Everything in the entries except the pictures should be repeated exactly.

==== Listed records

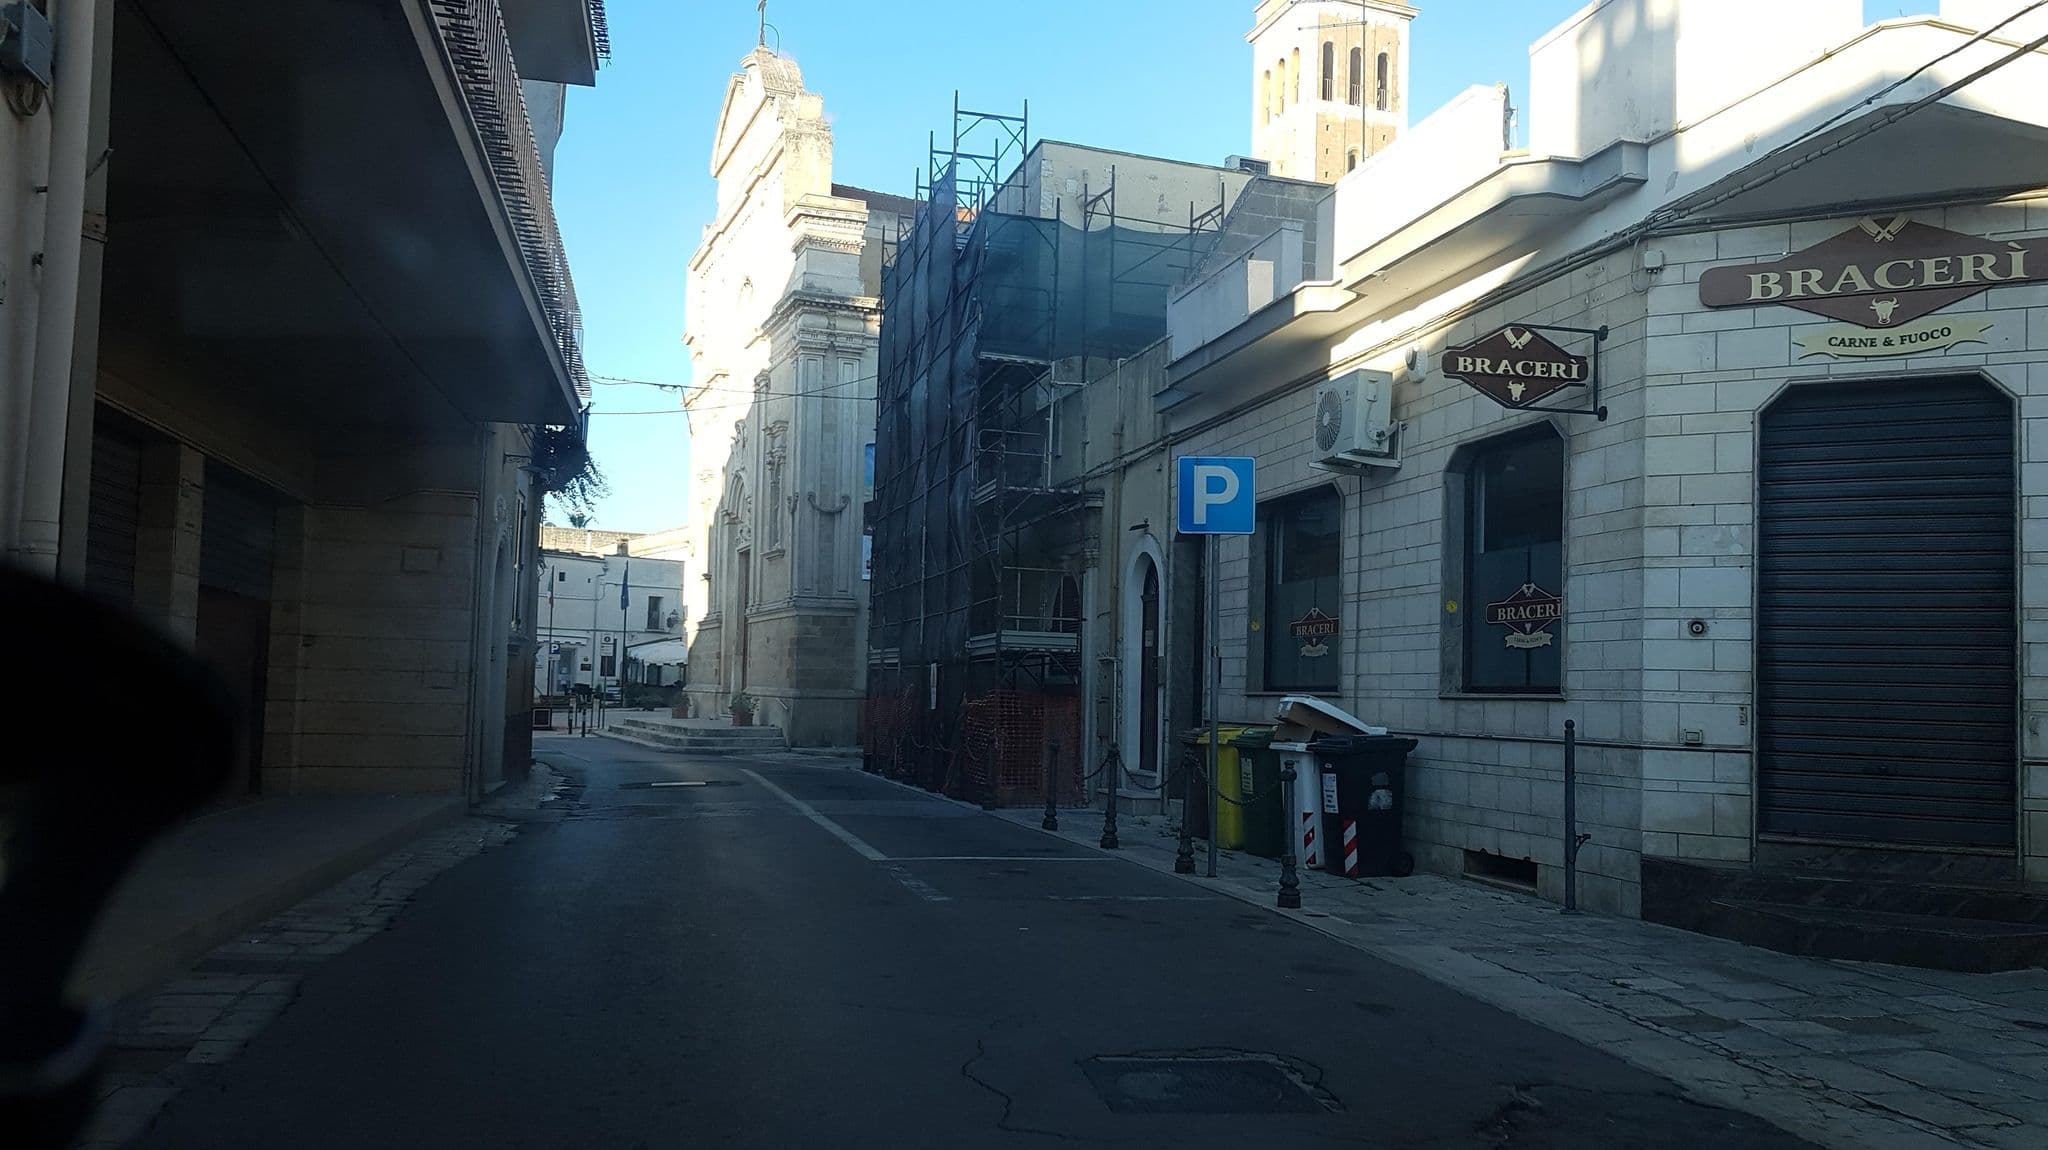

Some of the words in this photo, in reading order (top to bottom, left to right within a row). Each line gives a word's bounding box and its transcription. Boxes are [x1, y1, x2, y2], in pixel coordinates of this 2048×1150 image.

[1746, 241, 2030, 301] BRACERÌ
[1828, 336, 1877, 348] CARNE
[1882, 336, 1895, 347] &
[1899, 326, 1951, 345] FUOCO
[1456, 356, 1581, 379] BRACERÌ
[1193, 465, 1239, 525] P
[551, 644, 559, 653] P
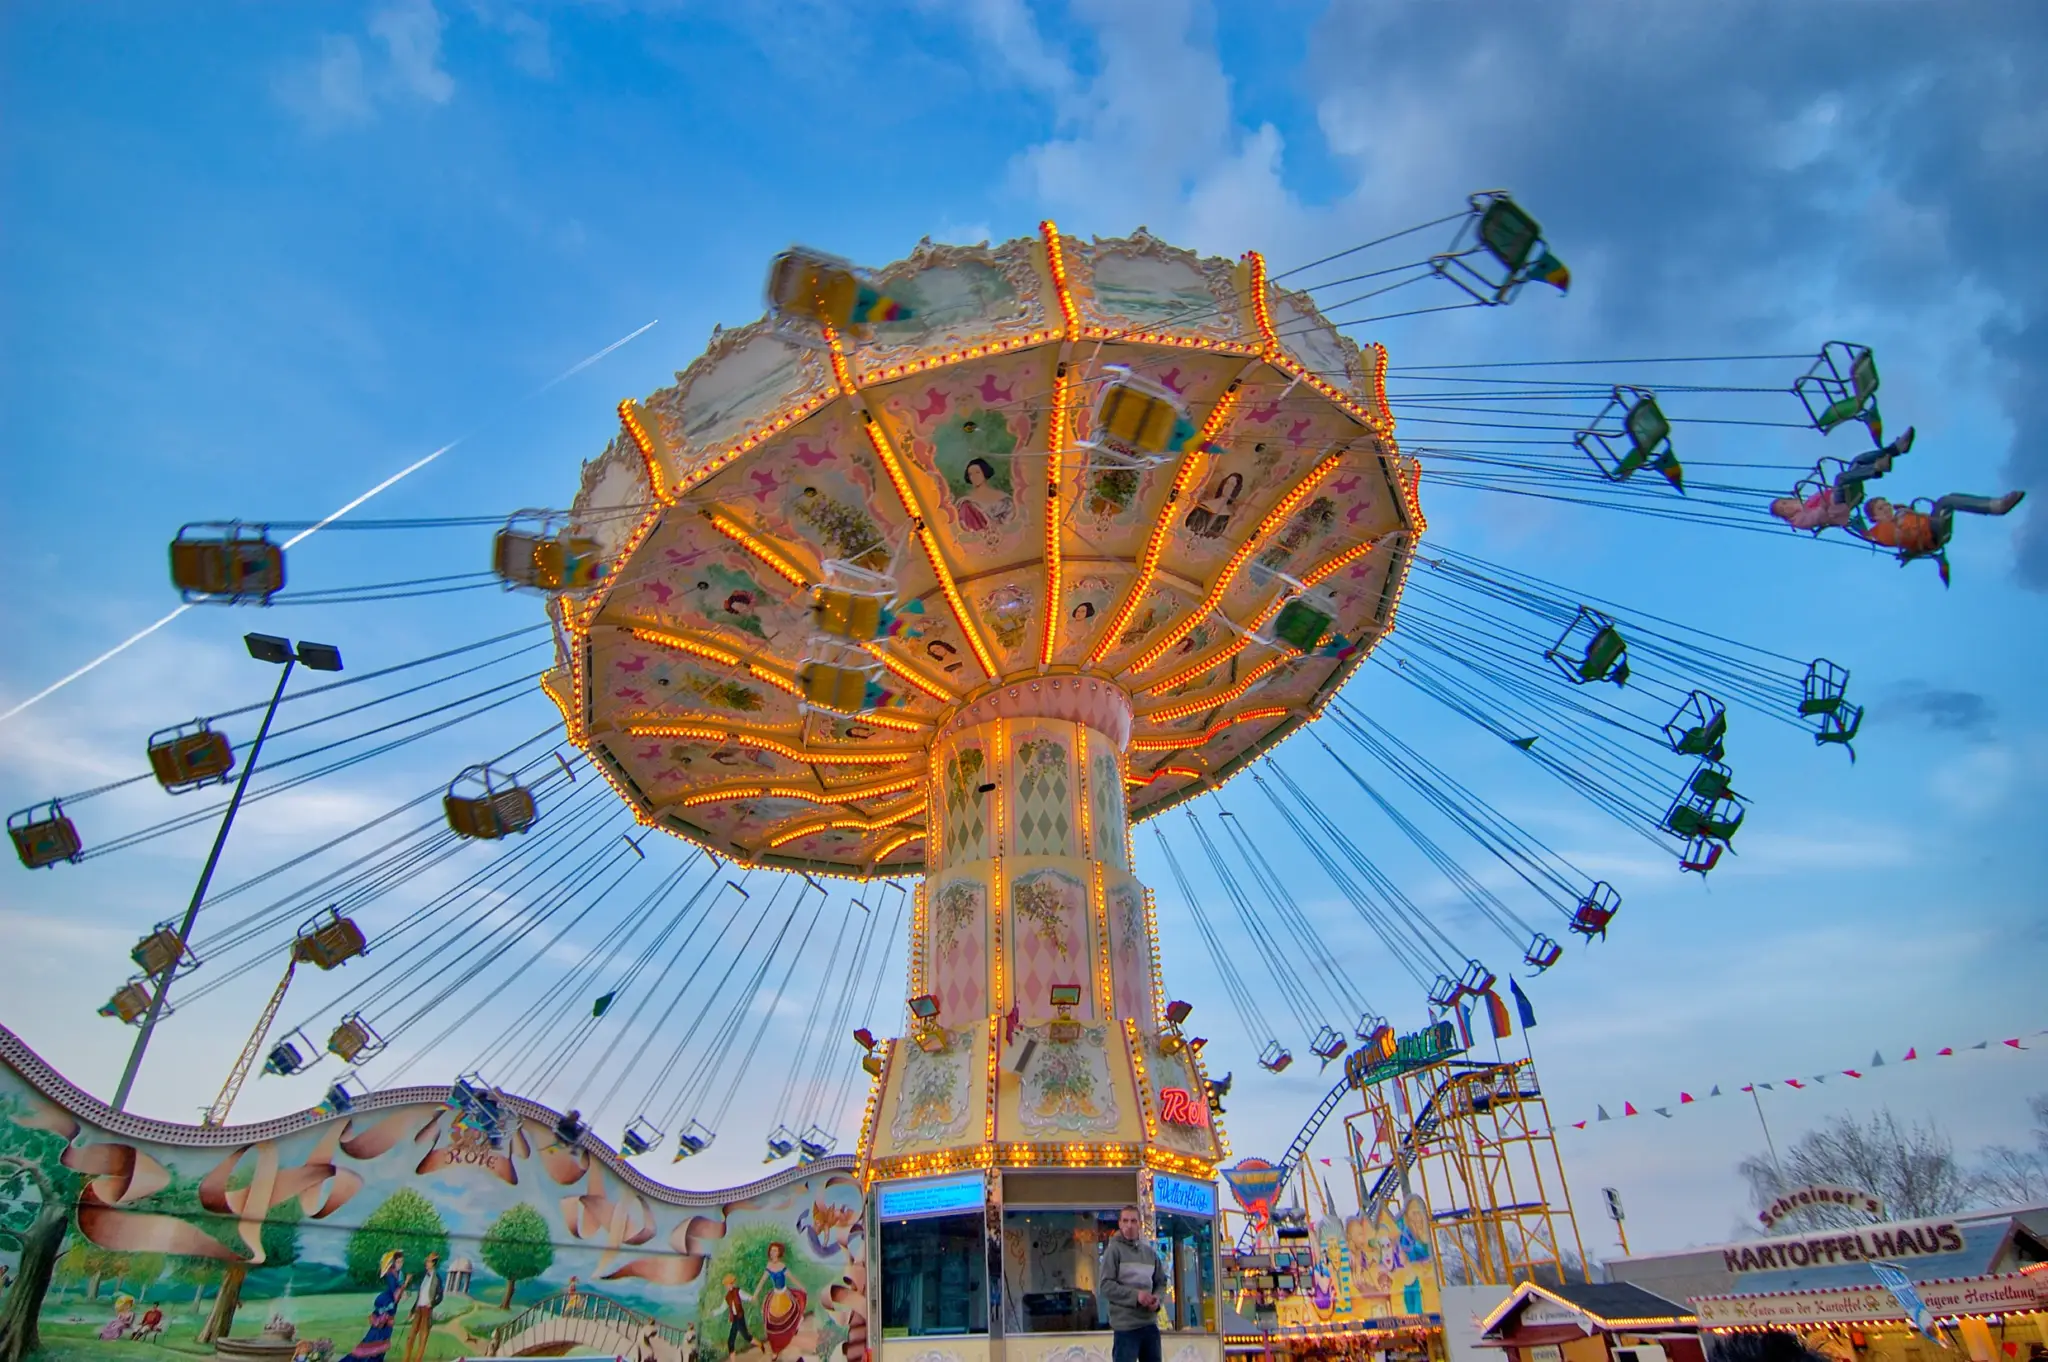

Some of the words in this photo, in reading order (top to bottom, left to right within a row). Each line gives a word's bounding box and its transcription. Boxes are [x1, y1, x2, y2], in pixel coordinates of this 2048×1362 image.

[1759, 1184, 1880, 1229] Schreiner's
[1722, 1223, 1963, 1274] KARTOFFELHAUS
[1924, 1292, 1960, 1309] eigene
[1964, 1285, 2036, 1305] Herstellung

========

Answer to this problem
Some of the words in this photo, in reading order (top to bottom, left to right within a row). Each line gives a word's bounding box and its transcription. Boxes are [x1, y1, x2, y2], in pixel coordinates of this 2048×1150 image.

[1746, 241, 2030, 301] BRACERÌ
[1828, 336, 1877, 348] CARNE
[1882, 336, 1895, 347] &
[1899, 326, 1951, 345] FUOCO
[1456, 356, 1581, 379] BRACERÌ
[1193, 465, 1239, 525] P
[551, 644, 559, 653] P

Some of the words in this photo, in reading order (top to bottom, left to right within a row). Each line gives a word's bounding box and its transcription. Boxes are [x1, y1, x2, y2], in pixel coordinates of this 2048×1362 image.

[1759, 1184, 1880, 1229] Schreiner's
[1722, 1223, 1963, 1274] KARTOFFELHAUS
[1924, 1292, 1960, 1309] eigene
[1964, 1285, 2036, 1305] Herstellung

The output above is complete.